И вдруг горько пожалела, что прошло детство. Давным-давно прошло и не вернется, и уже нельзя вот так, как тот краснощекий за окном, взять портфель и треснуть эту Людмилу по башке (хотя портфелем убить можно, — черт знает сколько казенной бумаги приходится таскать с собой).

— А почему вы так уверены, что плохой испортит хорошего? А может, хороший исправит плох… — запальчиво сказала Адочка, но вдруг испугалась: ой, что это она такое несет? — и осеклась на полуслове. Боже мой! Хороший исправит плохого! Бррр! — Они уже люди, — сказала она жалобно. — Имеют же они право хоть на что-нибудь.

— Они имеют все права, — сказала Людмила. — Учиться, трудиться, культурно отдыхать. Больше того — оскорблять своего учителя, который всей душой…

И тут из ее груди исторглось сдавленное рыдание (но, может быть, это она просто чихнула).

А между тем в седьмом «Б» уже позабыли мелкое происшествие с пересаживанием. Коля и Сашка уже сидели на своих местах и разглядывали новообретенные марки. Судя по их блаженным рожам, каждый был уверен, что именно он обдурил уважаемого коллегу. Весь класс бездельничал, как и положено на перемене. Только двое на задней парте трудились в поте лица своего, сопя и вздыхая. Впрочем, назвать их тружениками было бы неточно, потому что они, собственно говоря, сдирали из чужих тетрадей домашнее задание.
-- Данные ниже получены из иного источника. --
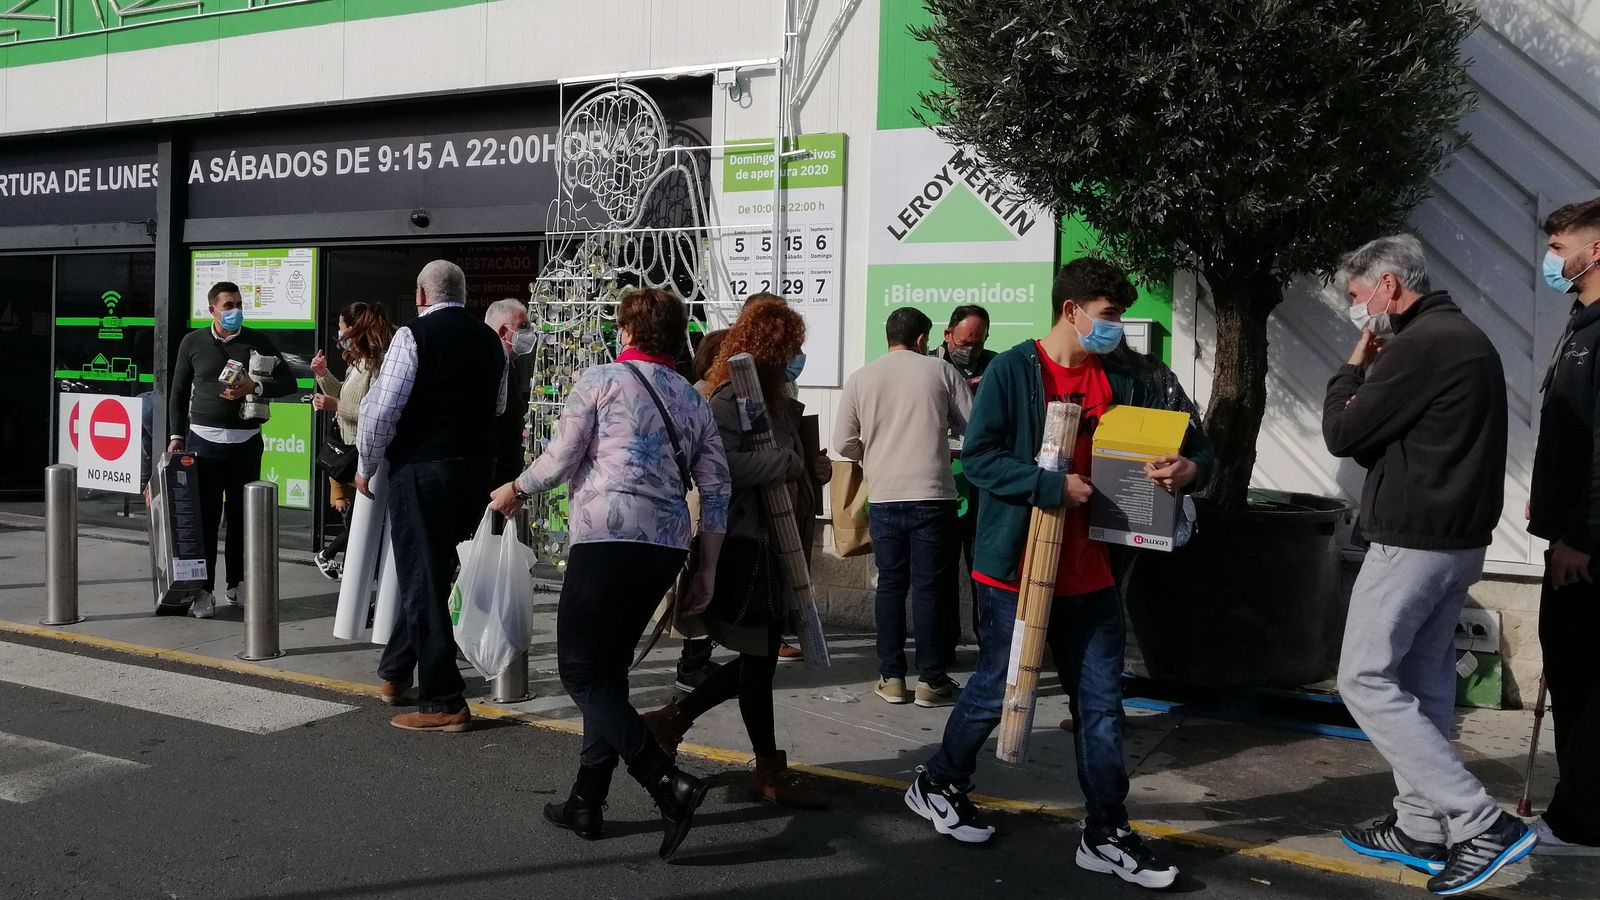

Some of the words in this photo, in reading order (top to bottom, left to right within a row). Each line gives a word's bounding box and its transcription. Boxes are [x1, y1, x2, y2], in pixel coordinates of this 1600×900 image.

[730, 152, 776, 166] Domingo
[0, 171, 60, 197] RTURA
[64, 168, 90, 193] DE
[97, 163, 158, 191] LUNES
[188, 159, 204, 184] A
[210, 150, 328, 183] SÁBADOS
[336, 147, 369, 175] DE
[378, 142, 432, 172] 9:15
[439, 141, 459, 169] A
[736, 169, 749, 180] de
[751, 166, 798, 181] aperura
[801, 165, 829, 176] 2020
[738, 205, 750, 215] De
[789, 202, 816, 212] 22:00
[819, 200, 825, 211] h
[886, 164, 954, 241] LEROY
[735, 237, 745, 253] 5
[761, 236, 771, 252] 5
[784, 235, 803, 251] 15
[816, 234, 826, 250] 6
[729, 280, 748, 295] 12
[782, 279, 804, 295] 29
[815, 278, 826, 294] 7
[884, 282, 1035, 307] ¡Bienvenidos!
[262, 433, 305, 454] trada
[88, 468, 101, 481] NO
[102, 470, 131, 484] PASAR
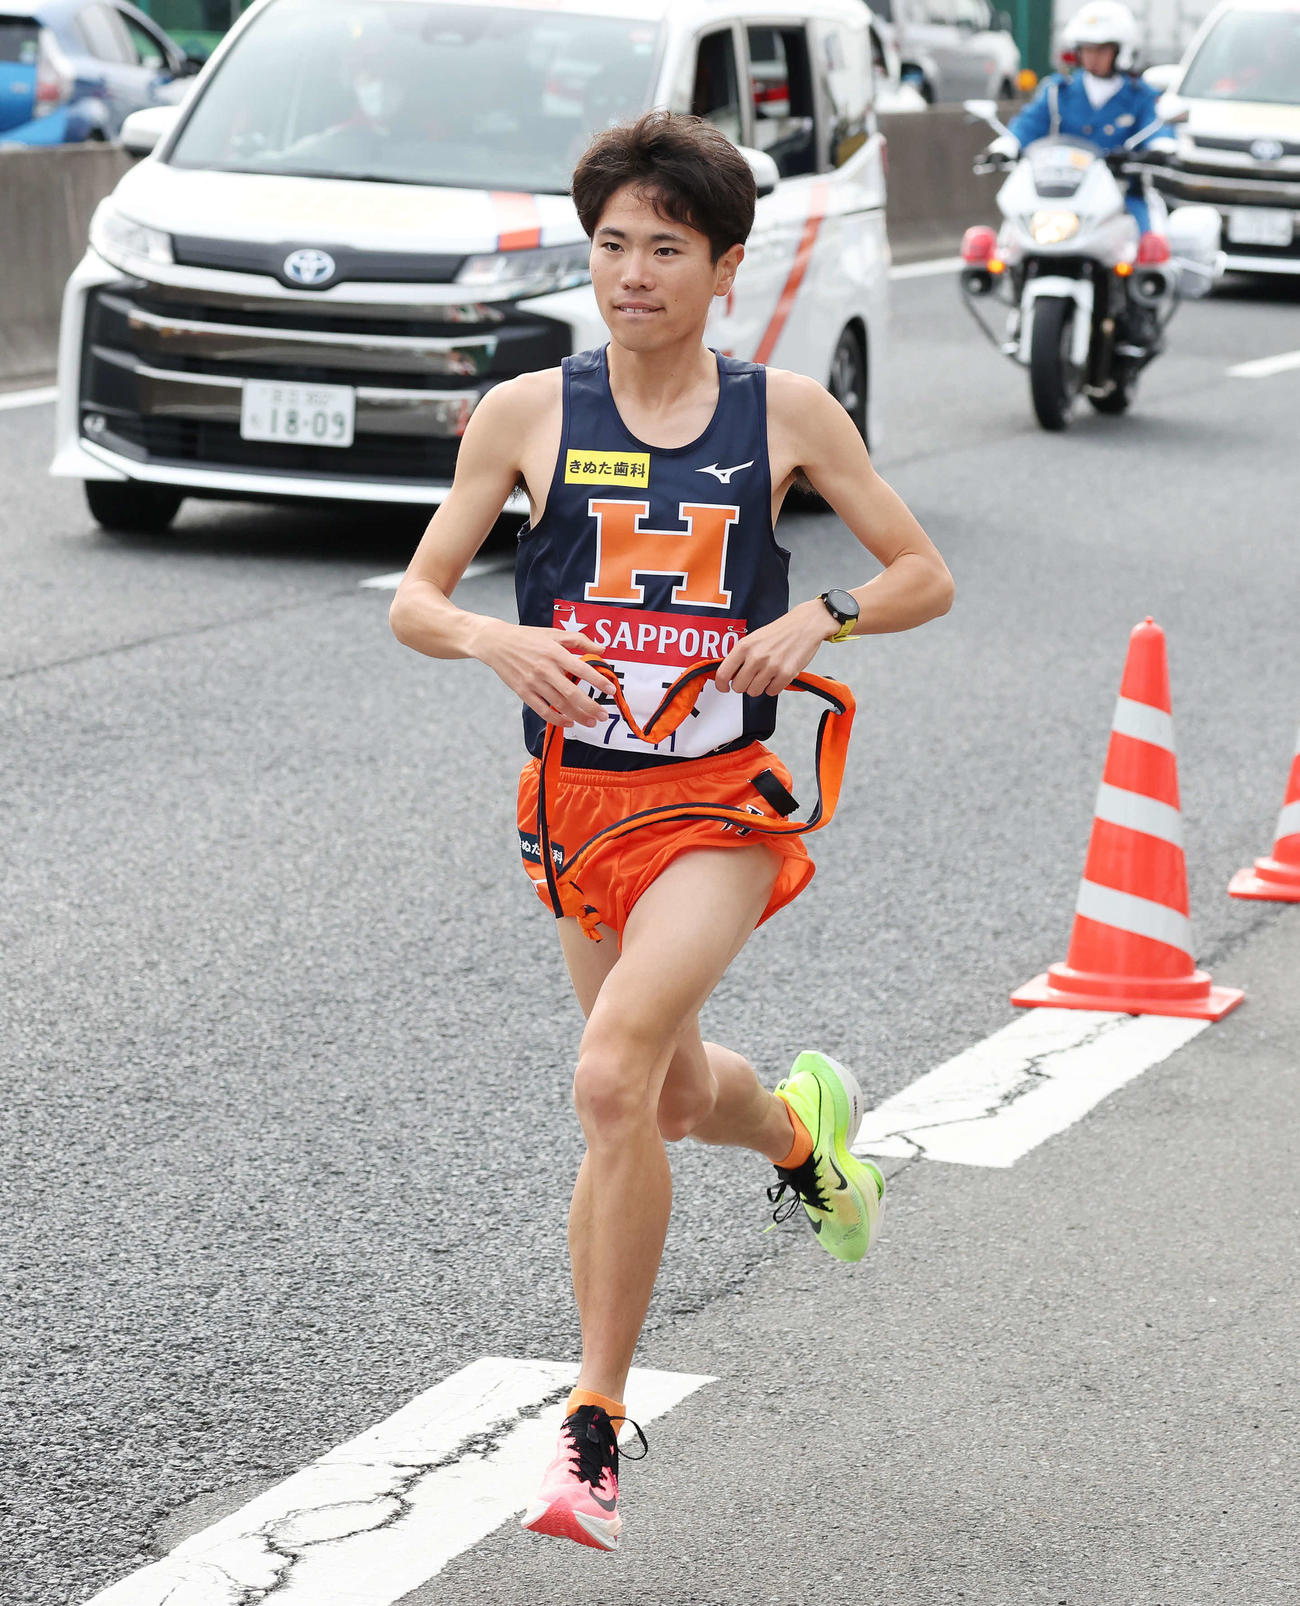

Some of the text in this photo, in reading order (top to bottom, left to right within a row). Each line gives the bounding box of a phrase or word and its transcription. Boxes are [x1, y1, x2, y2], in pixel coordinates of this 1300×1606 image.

[569, 459, 646, 478] きぬた歯科
[584, 498, 740, 609] H
[593, 618, 740, 659] SAPPORO
[519, 837, 563, 865] ぬた科
Ну, а все прочие в классе, повторяю, предавались сладкому ничегонеделанию. То есть играли в «балду», боролись, ели бутерброды, ходили на руках, рисовали фасоны юбок, «которые теперь носят», говорили: а) про кино (картина — во! — железная. Он как выскочит — и бац-бац из кольта!), б) про пионерскую дружину (надо ли приносить гербарий на сбор «Люби родную природу»), в) про Ги де Мопассана (жжжелезный писатель! Не читал? Эх, мальчик, дитя!), г) про футбол (Метревели упустил железный мяч), д) про историчку и Ряшу (а она спрашивает: «Это ты, Ряшинцев, так считаешь или Маркс?» А он: «Мы оба так считаем»), е) про акваланги… и т. д. и т. п. У нас алфавит сравнительно небольшой, и мне все равно не хватит букв. Вот в китайском, говорят, иероглифов в несколько раз больше. Это ученый мальчик Лева говорит, он наверное знает. Но я боюсь, что и иероглифов не хватило бы, чтобы перечислить все темы разговоров в седьмом «Б» между первым уроком и вторым. Словом, это была перемена как перемена — зачем мне ее описывать? Сами знаете, сами небось учились: у нас ведь школьное обучение обязательно.